• **RECORD SET**
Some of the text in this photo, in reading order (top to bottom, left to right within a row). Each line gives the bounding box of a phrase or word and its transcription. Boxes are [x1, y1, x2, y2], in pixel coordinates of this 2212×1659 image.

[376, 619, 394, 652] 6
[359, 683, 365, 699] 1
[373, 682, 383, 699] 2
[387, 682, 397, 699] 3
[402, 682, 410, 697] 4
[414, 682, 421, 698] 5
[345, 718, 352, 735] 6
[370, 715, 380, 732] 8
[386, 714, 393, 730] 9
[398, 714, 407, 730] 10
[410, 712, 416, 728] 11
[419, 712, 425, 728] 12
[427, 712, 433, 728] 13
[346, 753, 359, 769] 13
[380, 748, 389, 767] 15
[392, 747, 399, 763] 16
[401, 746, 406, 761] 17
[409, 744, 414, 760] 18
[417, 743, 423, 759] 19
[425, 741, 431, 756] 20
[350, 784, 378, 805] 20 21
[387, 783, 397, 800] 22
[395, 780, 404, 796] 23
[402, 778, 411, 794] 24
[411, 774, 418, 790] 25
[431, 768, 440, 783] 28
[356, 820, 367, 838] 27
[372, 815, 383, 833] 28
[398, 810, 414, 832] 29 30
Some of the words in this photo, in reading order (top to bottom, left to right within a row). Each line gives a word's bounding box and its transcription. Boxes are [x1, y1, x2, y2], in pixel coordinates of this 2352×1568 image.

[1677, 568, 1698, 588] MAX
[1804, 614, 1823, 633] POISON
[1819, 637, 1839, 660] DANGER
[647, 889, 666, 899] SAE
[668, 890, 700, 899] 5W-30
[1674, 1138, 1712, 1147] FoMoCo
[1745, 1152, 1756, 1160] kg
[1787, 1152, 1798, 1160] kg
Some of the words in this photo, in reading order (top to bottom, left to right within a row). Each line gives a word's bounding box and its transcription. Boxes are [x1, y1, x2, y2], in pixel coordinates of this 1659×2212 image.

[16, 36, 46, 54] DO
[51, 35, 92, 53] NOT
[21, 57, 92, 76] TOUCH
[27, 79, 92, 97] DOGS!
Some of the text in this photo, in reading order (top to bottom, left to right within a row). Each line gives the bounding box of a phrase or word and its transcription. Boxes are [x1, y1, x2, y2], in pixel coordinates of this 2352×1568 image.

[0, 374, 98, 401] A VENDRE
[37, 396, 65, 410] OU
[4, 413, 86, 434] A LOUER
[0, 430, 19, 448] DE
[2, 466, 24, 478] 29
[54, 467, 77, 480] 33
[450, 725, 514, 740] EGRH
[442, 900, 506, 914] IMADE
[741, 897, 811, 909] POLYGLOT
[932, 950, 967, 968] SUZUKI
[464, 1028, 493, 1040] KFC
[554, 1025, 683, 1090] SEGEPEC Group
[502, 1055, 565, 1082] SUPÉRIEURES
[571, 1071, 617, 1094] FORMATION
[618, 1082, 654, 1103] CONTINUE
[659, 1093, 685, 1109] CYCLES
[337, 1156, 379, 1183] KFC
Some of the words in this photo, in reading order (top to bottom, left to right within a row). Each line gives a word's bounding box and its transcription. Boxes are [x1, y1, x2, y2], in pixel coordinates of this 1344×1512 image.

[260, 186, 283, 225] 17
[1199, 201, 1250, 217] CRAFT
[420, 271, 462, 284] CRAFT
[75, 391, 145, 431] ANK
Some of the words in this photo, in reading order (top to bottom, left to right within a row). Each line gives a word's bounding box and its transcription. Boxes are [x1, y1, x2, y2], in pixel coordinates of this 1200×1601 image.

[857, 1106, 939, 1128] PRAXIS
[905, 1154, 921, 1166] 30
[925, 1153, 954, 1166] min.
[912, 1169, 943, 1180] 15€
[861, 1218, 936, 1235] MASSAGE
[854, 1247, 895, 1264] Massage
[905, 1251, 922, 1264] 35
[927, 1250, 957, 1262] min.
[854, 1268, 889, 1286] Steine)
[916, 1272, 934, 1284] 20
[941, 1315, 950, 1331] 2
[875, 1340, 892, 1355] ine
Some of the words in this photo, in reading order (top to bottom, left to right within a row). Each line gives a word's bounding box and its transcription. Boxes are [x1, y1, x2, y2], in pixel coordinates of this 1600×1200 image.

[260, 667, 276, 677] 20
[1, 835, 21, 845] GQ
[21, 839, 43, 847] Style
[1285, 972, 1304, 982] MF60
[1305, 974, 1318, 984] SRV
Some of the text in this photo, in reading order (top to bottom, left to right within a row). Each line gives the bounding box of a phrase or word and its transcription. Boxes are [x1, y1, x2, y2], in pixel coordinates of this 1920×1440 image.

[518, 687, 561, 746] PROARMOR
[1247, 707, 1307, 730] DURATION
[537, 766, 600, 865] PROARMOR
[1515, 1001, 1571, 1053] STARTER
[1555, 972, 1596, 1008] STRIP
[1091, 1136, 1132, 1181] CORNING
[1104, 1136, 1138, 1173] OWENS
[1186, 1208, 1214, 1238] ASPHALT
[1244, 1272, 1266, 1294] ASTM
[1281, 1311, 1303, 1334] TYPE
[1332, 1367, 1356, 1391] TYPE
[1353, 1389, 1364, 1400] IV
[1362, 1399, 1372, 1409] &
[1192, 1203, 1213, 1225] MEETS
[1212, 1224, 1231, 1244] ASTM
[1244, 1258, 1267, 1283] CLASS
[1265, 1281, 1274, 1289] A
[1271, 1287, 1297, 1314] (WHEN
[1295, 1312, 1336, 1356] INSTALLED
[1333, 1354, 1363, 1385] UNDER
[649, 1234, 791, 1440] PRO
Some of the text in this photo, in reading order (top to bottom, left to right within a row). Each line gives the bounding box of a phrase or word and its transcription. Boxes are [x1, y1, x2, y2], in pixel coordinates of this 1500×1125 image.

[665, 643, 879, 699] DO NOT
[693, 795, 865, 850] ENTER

• **TASK**
Extract the full listing and reproduce each line exactly.

• **RESULT**
Some of the text in this photo, in reading order (top to bottom, left to right within a row). Each line gives the bounding box of a phrase or word and its transcription. Boxes are [x1, y1, x2, y2], in pixel coordinates of this 2212×1659 image.

[376, 619, 394, 652] 6
[359, 683, 365, 699] 1
[373, 682, 383, 699] 2
[387, 682, 397, 699] 3
[402, 682, 410, 697] 4
[414, 682, 421, 698] 5
[345, 718, 352, 735] 6
[370, 715, 380, 732] 8
[386, 714, 393, 730] 9
[398, 714, 407, 730] 10
[410, 712, 416, 728] 11
[419, 712, 425, 728] 12
[427, 712, 433, 728] 13
[346, 753, 359, 769] 13
[380, 748, 389, 767] 15
[392, 747, 399, 763] 16
[401, 746, 406, 761] 17
[409, 744, 414, 760] 18
[417, 743, 423, 759] 19
[425, 741, 431, 756] 20
[350, 784, 378, 805] 20 21
[387, 783, 397, 800] 22
[395, 780, 404, 796] 23
[402, 778, 411, 794] 24
[411, 774, 418, 790] 25
[431, 768, 440, 783] 28
[356, 820, 367, 838] 27
[372, 815, 383, 833] 28
[398, 810, 414, 832] 29 30
Some of the words in this photo, in reading order (top to bottom, left to right within a row). Each line gives a word's bounding box and its transcription. Boxes are [x1, y1, x2, y2], in pixel coordinates of this 2352×1568 image.

[1677, 568, 1698, 588] MAX
[1804, 614, 1823, 633] POISON
[1819, 637, 1839, 660] DANGER
[647, 889, 666, 899] SAE
[668, 890, 700, 899] 5W-30
[1674, 1138, 1712, 1147] FoMoCo
[1745, 1152, 1756, 1160] kg
[1787, 1152, 1798, 1160] kg
Some of the words in this photo, in reading order (top to bottom, left to right within a row). Each line gives a word's bounding box and its transcription. Boxes are [x1, y1, x2, y2], in pixel coordinates of this 1659×2212 image.

[16, 36, 46, 54] DO
[51, 35, 92, 53] NOT
[21, 57, 92, 76] TOUCH
[27, 79, 92, 97] DOGS!
Some of the text in this photo, in reading order (top to bottom, left to right within a row). Each line gives the bounding box of a phrase or word and its transcription. Boxes are [x1, y1, x2, y2], in pixel coordinates of this 2352×1568 image.

[0, 374, 98, 401] A VENDRE
[37, 396, 65, 410] OU
[4, 413, 86, 434] A LOUER
[0, 430, 19, 448] DE
[2, 466, 24, 478] 29
[54, 467, 77, 480] 33
[450, 725, 514, 740] EGRH
[442, 900, 506, 914] IMADE
[741, 897, 811, 909] POLYGLOT
[932, 950, 967, 968] SUZUKI
[464, 1028, 493, 1040] KFC
[554, 1025, 683, 1090] SEGEPEC Group
[502, 1055, 565, 1082] SUPÉRIEURES
[571, 1071, 617, 1094] FORMATION
[618, 1082, 654, 1103] CONTINUE
[659, 1093, 685, 1109] CYCLES
[337, 1156, 379, 1183] KFC
Some of the words in this photo, in reading order (top to bottom, left to right within a row). Each line gives a word's bounding box and its transcription. Boxes are [x1, y1, x2, y2], in pixel coordinates of this 1344×1512 image.

[260, 186, 283, 225] 17
[1199, 201, 1250, 217] CRAFT
[420, 271, 462, 284] CRAFT
[75, 391, 145, 431] ANK
Some of the words in this photo, in reading order (top to bottom, left to right within a row). Each line gives a word's bounding box and its transcription. Boxes are [x1, y1, x2, y2], in pixel coordinates of this 1200×1601 image.

[857, 1106, 939, 1128] PRAXIS
[905, 1154, 921, 1166] 30
[925, 1153, 954, 1166] min.
[912, 1169, 943, 1180] 15€
[861, 1218, 936, 1235] MASSAGE
[854, 1247, 895, 1264] Massage
[905, 1251, 922, 1264] 35
[927, 1250, 957, 1262] min.
[854, 1268, 889, 1286] Steine)
[916, 1272, 934, 1284] 20
[941, 1315, 950, 1331] 2
[875, 1340, 892, 1355] ine
Some of the words in this photo, in reading order (top to bottom, left to right within a row). Each line gives a word's bounding box and its transcription. Boxes are [x1, y1, x2, y2], in pixel coordinates of this 1600×1200 image.

[260, 667, 276, 677] 20
[1, 835, 21, 845] GQ
[21, 839, 43, 847] Style
[1285, 972, 1304, 982] MF60
[1305, 974, 1318, 984] SRV
Some of the text in this photo, in reading order (top to bottom, left to right within a row). Each line gives the bounding box of a phrase or word and its transcription. Boxes are [x1, y1, x2, y2], in pixel coordinates of this 1920×1440 image.

[518, 687, 561, 746] PROARMOR
[1247, 707, 1307, 730] DURATION
[537, 766, 600, 865] PROARMOR
[1515, 1001, 1571, 1053] STARTER
[1555, 972, 1596, 1008] STRIP
[1091, 1136, 1132, 1181] CORNING
[1104, 1136, 1138, 1173] OWENS
[1186, 1208, 1214, 1238] ASPHALT
[1244, 1272, 1266, 1294] ASTM
[1281, 1311, 1303, 1334] TYPE
[1332, 1367, 1356, 1391] TYPE
[1353, 1389, 1364, 1400] IV
[1362, 1399, 1372, 1409] &
[1192, 1203, 1213, 1225] MEETS
[1212, 1224, 1231, 1244] ASTM
[1244, 1258, 1267, 1283] CLASS
[1265, 1281, 1274, 1289] A
[1271, 1287, 1297, 1314] (WHEN
[1295, 1312, 1336, 1356] INSTALLED
[1333, 1354, 1363, 1385] UNDER
[649, 1234, 791, 1440] PRO
Some of the text in this photo, in reading order (top to bottom, left to right within a row). Each line gives the bounding box of a phrase or word and its transcription. Boxes are [x1, y1, x2, y2], in pixel coordinates of this 1500×1125 image.

[665, 643, 879, 699] DO NOT
[693, 795, 865, 850] ENTER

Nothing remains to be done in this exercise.